▶ DIRECTIONS
Transcribe the records in full; omit images.

▶ RECORDS FOR THIS EXERCISE
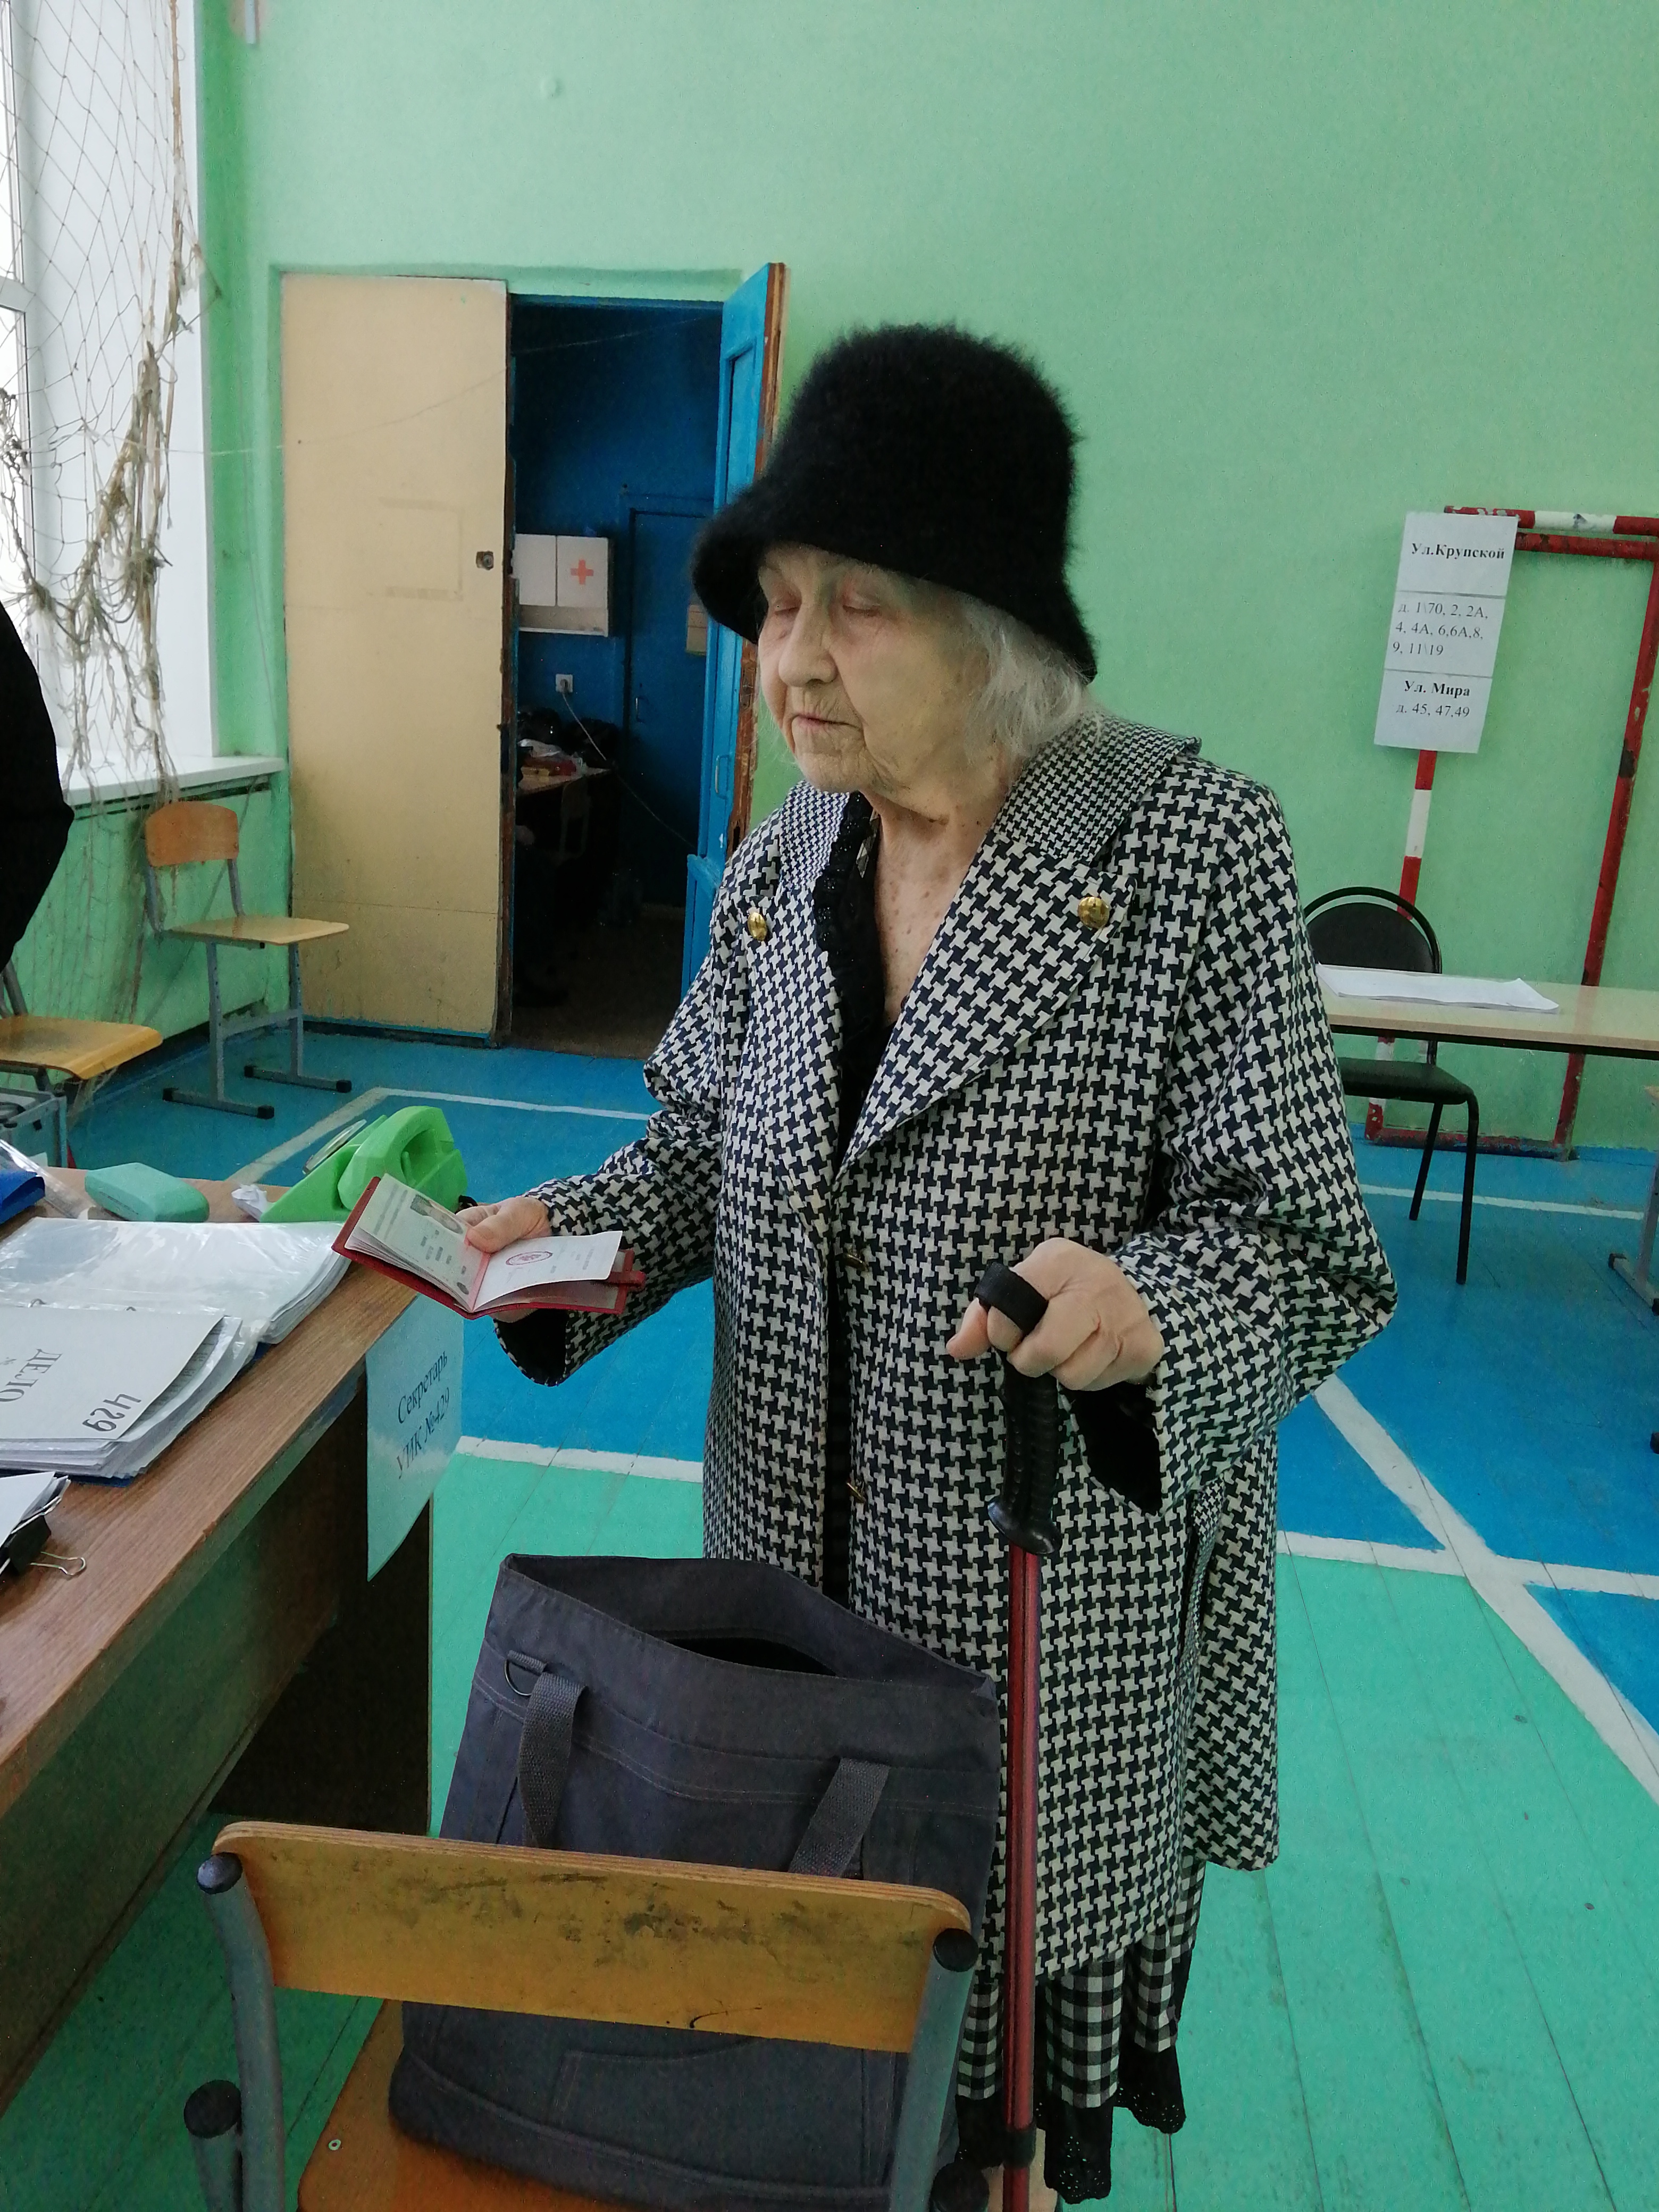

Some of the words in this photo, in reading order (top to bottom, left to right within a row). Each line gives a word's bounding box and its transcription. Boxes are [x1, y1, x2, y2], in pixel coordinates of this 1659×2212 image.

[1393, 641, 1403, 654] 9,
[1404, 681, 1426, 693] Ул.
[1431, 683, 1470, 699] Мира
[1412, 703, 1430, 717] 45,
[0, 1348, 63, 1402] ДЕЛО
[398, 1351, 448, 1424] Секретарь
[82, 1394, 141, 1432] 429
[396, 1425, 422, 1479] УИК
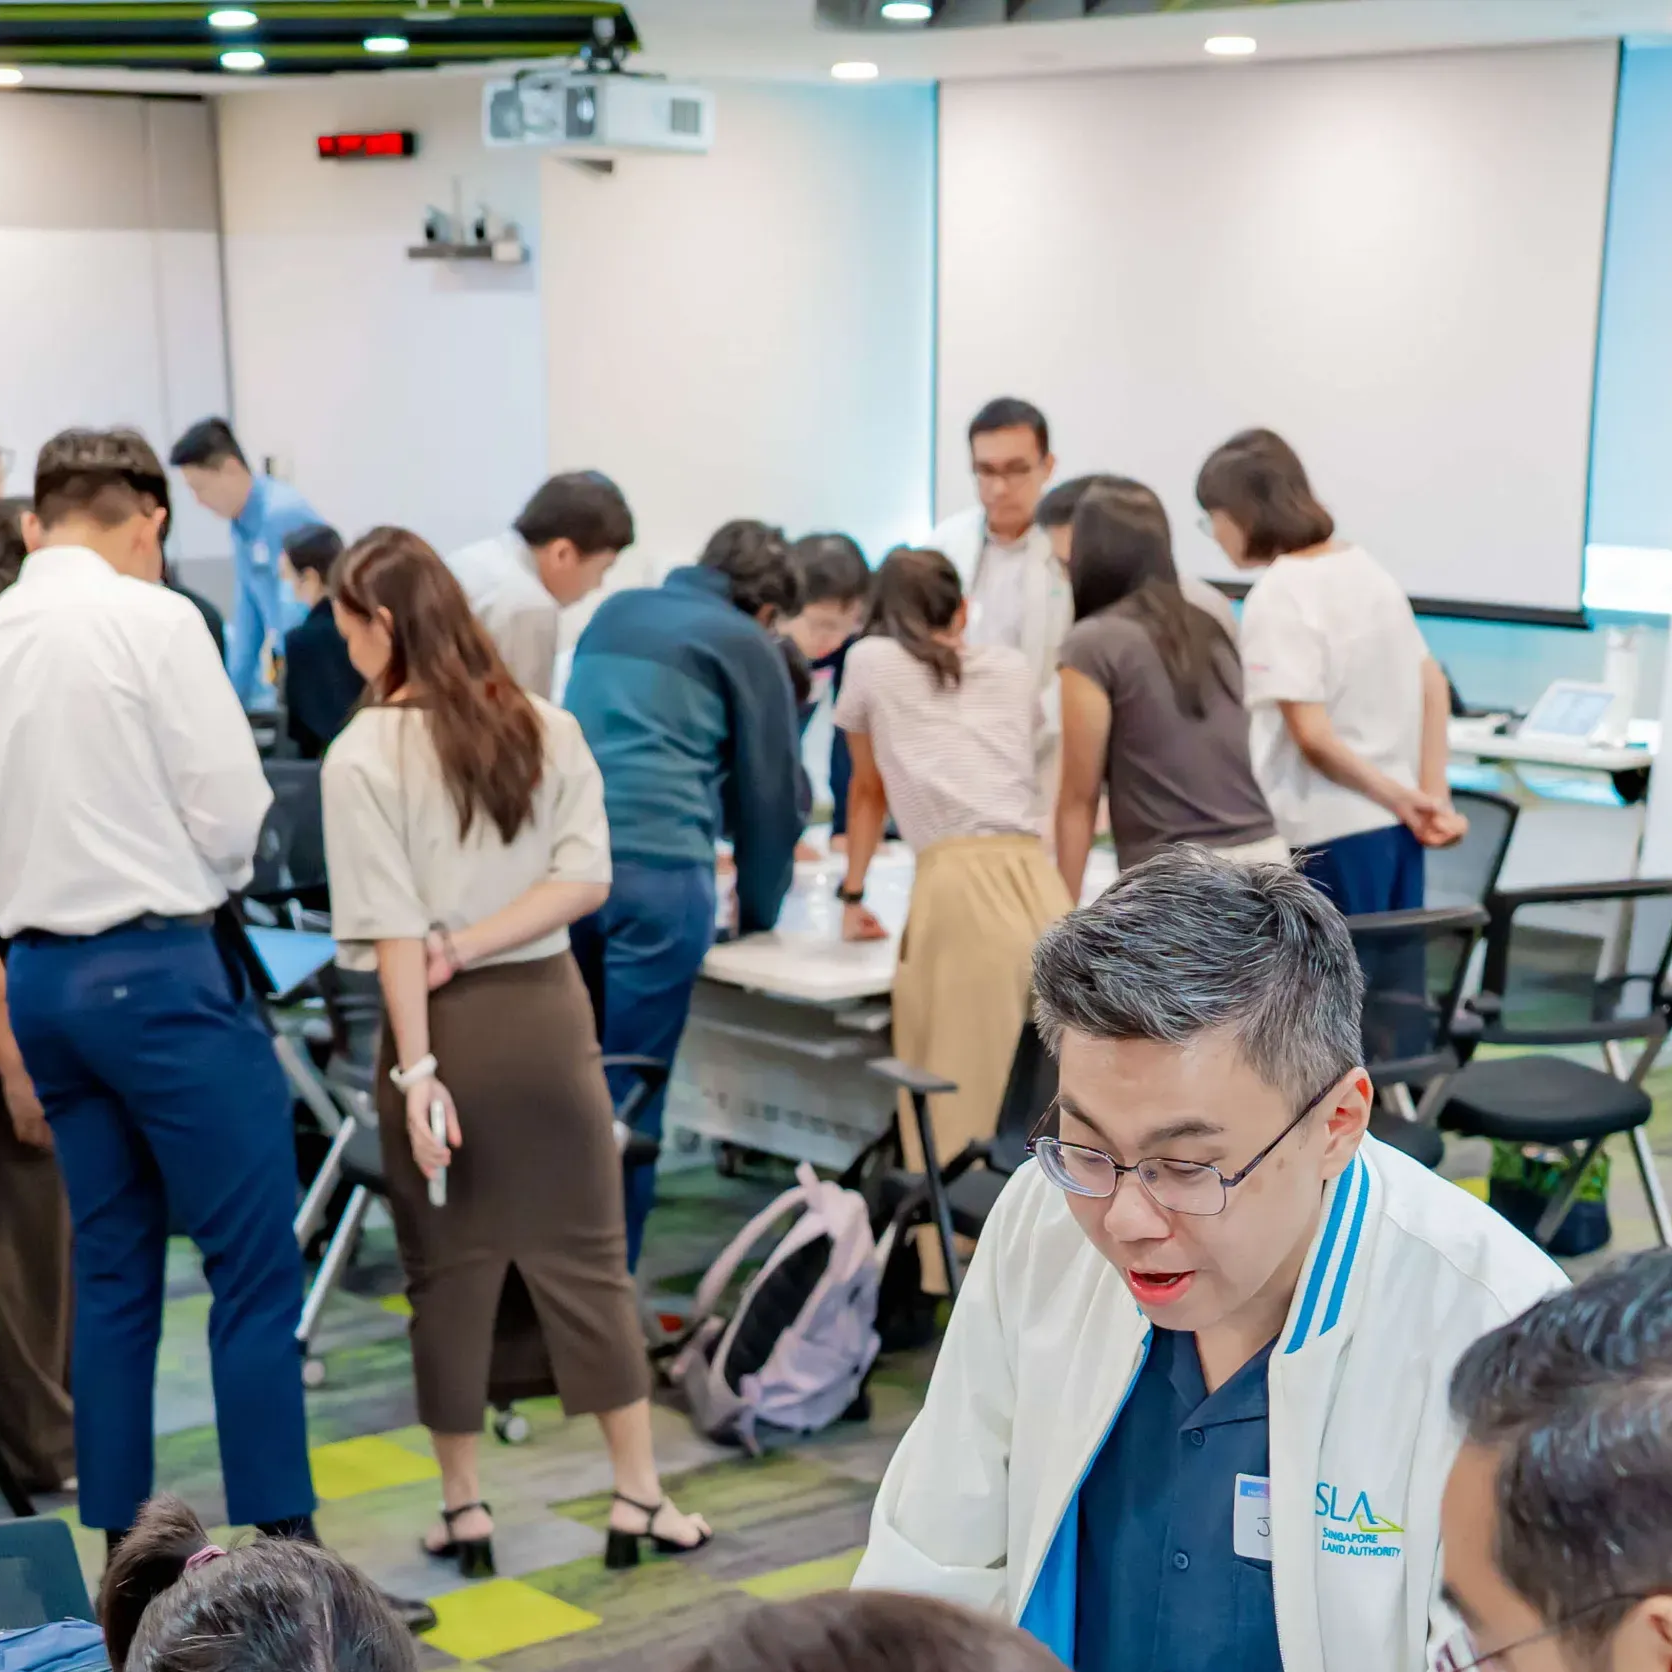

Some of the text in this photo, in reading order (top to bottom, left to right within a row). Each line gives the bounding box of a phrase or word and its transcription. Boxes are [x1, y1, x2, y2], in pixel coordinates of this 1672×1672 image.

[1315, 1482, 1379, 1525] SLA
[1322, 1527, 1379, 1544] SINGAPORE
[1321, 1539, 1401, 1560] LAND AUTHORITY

▶ ANSWER BOX
Some of the words in this photo, in reading order (top to bottom, left to right within a row). Each line gives a word's bounding box and its transcription. Boxes are [x1, y1, x2, y2], in pixel coordinates of this 1659×2212 image.

[1393, 641, 1403, 654] 9,
[1404, 681, 1426, 693] Ул.
[1431, 683, 1470, 699] Мира
[1412, 703, 1430, 717] 45,
[0, 1348, 63, 1402] ДЕЛО
[398, 1351, 448, 1424] Секретарь
[82, 1394, 141, 1432] 429
[396, 1425, 422, 1479] УИК

Some of the text in this photo, in reading order (top to bottom, left to right within a row). Each line gives the bounding box of a phrase or word and its transcription. Boxes are [x1, y1, x2, y2], in pixel coordinates of this 1672×1672 image.

[1315, 1482, 1379, 1525] SLA
[1322, 1527, 1379, 1544] SINGAPORE
[1321, 1539, 1401, 1560] LAND AUTHORITY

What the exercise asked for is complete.